Touro Celebrates Social Work Month

Virtual Events Highlight “Essential” Role of Social Workers Against Backdrop of Pandemic

March 04, 2021
screenshot of LEAD Day 2021 with grid of participant video screens. Professor Zelnick (top row, middle) welcomed participants.
Professor Zelnick (top row, middle) welcomes participants to LEAD Day 2021

March is “Social Work Month” and Touro’s Graduate School of Social Work is celebrating with a series of virtual events that include promoting legislative action at the state capitol, and addressing the pandemic at a United Nations event and at the school’s annual Community Day. 

Against the backdrop of the pandemic and the economy, the profession’s theme for the month is “Social Workers are Essential”.

“This year, the annual recognition of Social Work Month has taken on added significance in the context of the COVID-19 pandemic, and the reckoning around racial justice that has been unfolding over the last year,” notes Jennifer Zelnick, professor and policy chair at GSSW. “Social workers have an essential role to play in meeting the critical needs of so many here in New York State, but too often this work is invisible.”

The “essential” campaign evaluates the profession and the important contributions made to New York City and state. “We are excited that Touro College Graduate School of Social Work is a part of so many meaningful events this March,” Zelnick added.

“LEAD Day” Kickoff

The celebration launched March 2 with GSSW students joining over 650 social work students across the state in a virtual “Legislative Education and Advocacy Day” (“LEAD”). The event was organized by several groups including the New York City Chapter of the National Association of Social Workers.

On March 16th, GSSW students will participate in the 38th Annual “Social Work Day at the United Nations”, an event the school has participated in every year for the past decade. This year’s theme: “Responses to COVID-19: Standing Together Makes Us Stronger.”

At the GSSW annual Community Day on March 23, the focus again will be COVID-19, and social work’s role in ending the pandemic and healing communities. Students, faculty and staff will gather with guest speakers for presentations and discussion. 

Social Workers Needed

According to the NASW, there are more than 700,000 professional social workers employed in the U.S., and more than three million worldwide. The U.S. Bureau of Labor Statistics identifies social work as one of the fastest growing professions in the country.

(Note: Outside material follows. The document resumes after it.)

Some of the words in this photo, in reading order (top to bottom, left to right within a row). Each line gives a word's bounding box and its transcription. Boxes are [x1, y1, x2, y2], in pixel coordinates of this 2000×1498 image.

Still, more social workers are needed to deal with entrenched problems like systemic racism, the coronavirus pandemic and the economic downturn.

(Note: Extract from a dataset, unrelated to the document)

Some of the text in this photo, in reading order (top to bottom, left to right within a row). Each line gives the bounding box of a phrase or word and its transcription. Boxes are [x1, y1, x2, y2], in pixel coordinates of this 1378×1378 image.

“Social work is a field that focuses on improving people’s lives,” said Roberta Shiffman, LMSW, director of field education at the GSSW. “Social workers deal with a variety of problems and issues faced in all walks of life, at any stage of life. They work everywhere - from hospitals and health care facilities to schools, community centers, private practice, and social service agencies.”

At a social service agency, social workers might develop programs that address the fallout of crime, domestic violence and homelessness, or advocate for such programs at a policy level.

At LEAD Day this week, the issue of institutional racism and strategies for how the legislature can mitigate its impact were discussed. GSSW student Chaim Laufer volunteered to role-play advocating for a racial equity and social justice bill with legislative staffer Brian Romero, Chief of Staff for State Assemblymember Jessica González-Rojas (D-Queens, NY). Students from around the state developed talking points in a breakout session.

Chaim said LEAD Day reinforced the value of making room for advocacy in social work practice. “We have been educated with the tools to make people’s lives better,” he said. “The growth and satisfaction that we get from helping individuals in our practice can be used to help develop policy and advocacy for groups of individuals that share in that struggle. We don't have to choose one avenue. As social workers, we can be policymakers as well as therapists."